What you have to do:
All the lines below should be set down exactly, with no picture carried into the copy.

Phrase grounding data
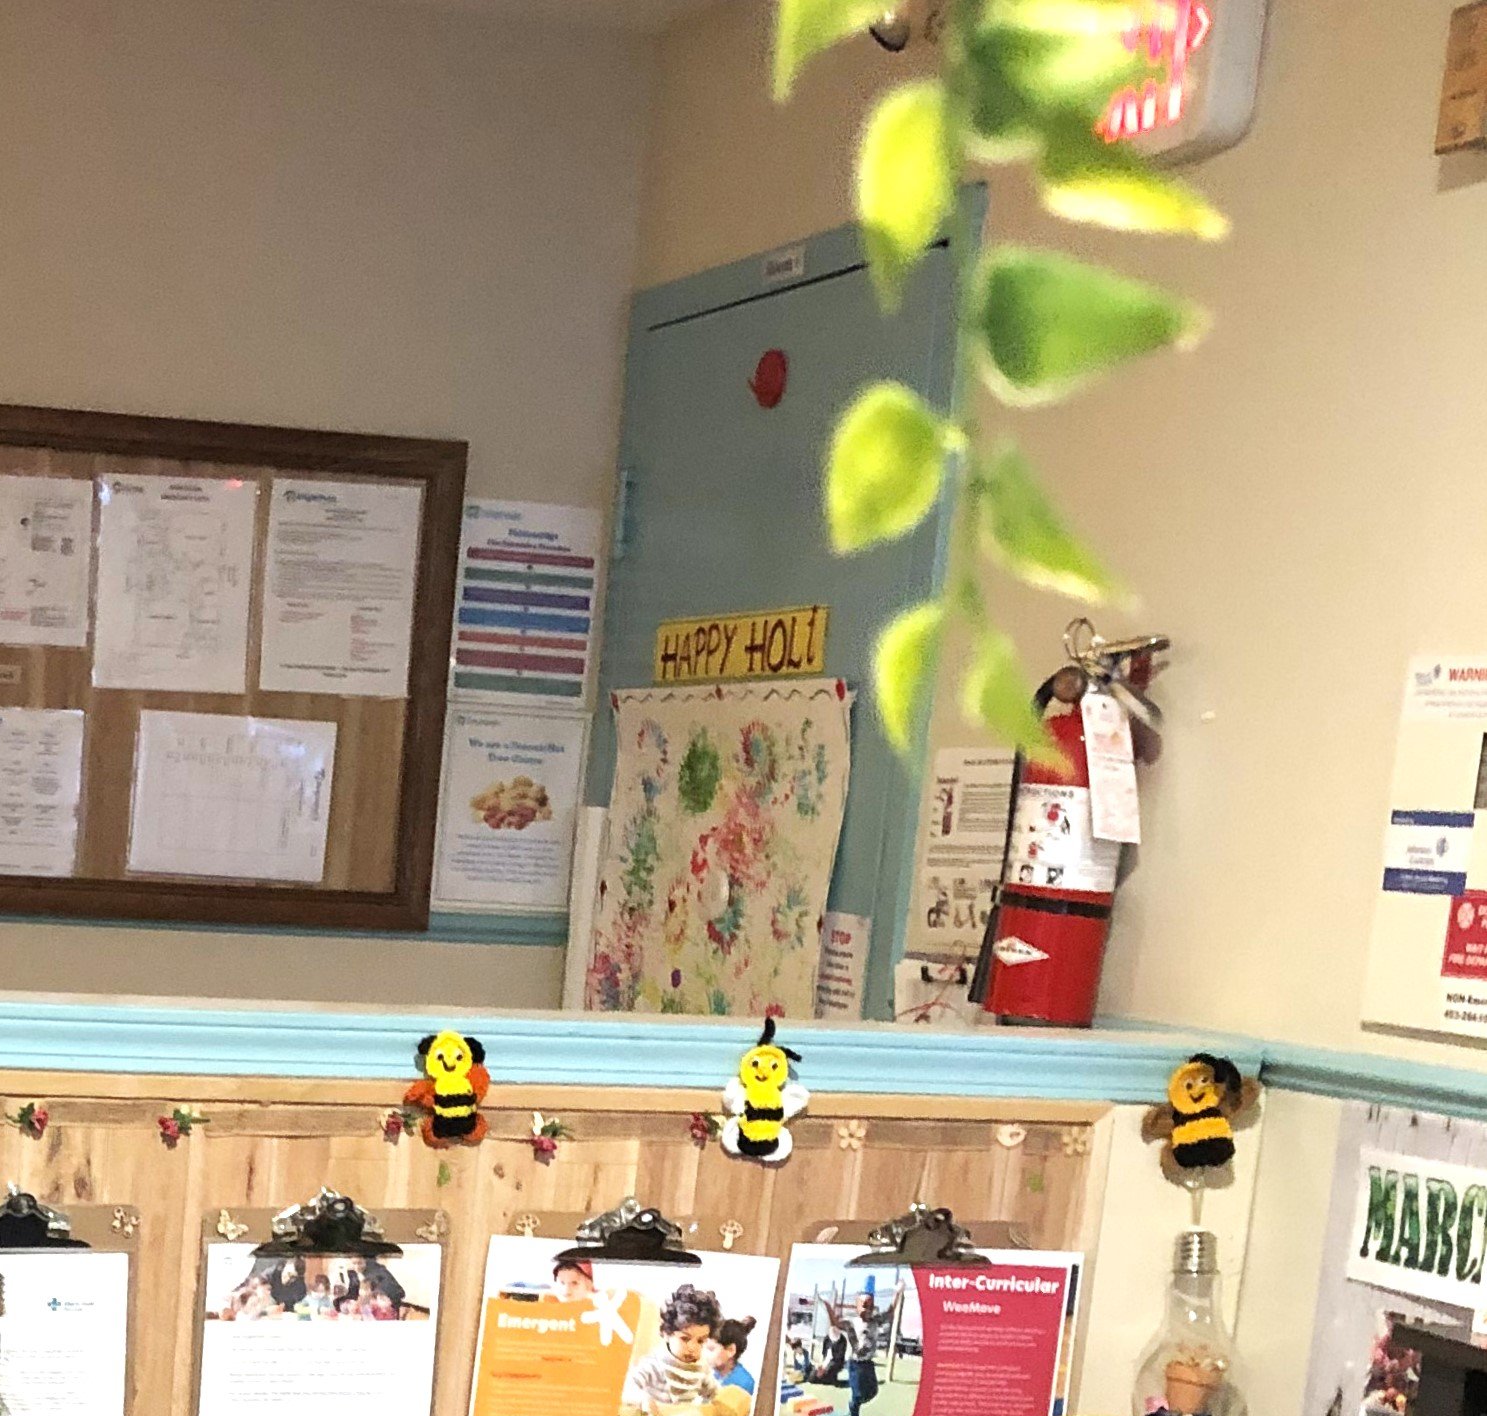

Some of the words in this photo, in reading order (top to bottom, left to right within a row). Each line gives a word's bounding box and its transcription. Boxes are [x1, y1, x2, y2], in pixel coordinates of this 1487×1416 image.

[661, 622, 738, 679] HAPPY
[745, 604, 818, 673] HOLI
[928, 1272, 1060, 1295] Inter-Curricular
[942, 1300, 1002, 1315] WeeMove
[497, 1313, 577, 1333] Emergent

Answer to this problem:
Some of the words in this photo, in reading order (top to bottom, left to right within a row). Each line gives a word's bounding box and its transcription. Boxes are [x1, y1, x2, y2], in pixel coordinates of this 1487×1416 image.

[661, 622, 738, 679] HAPPY
[745, 604, 818, 673] HOLI
[928, 1272, 1060, 1295] Inter-Curricular
[942, 1300, 1002, 1315] WeeMove
[497, 1313, 577, 1333] Emergent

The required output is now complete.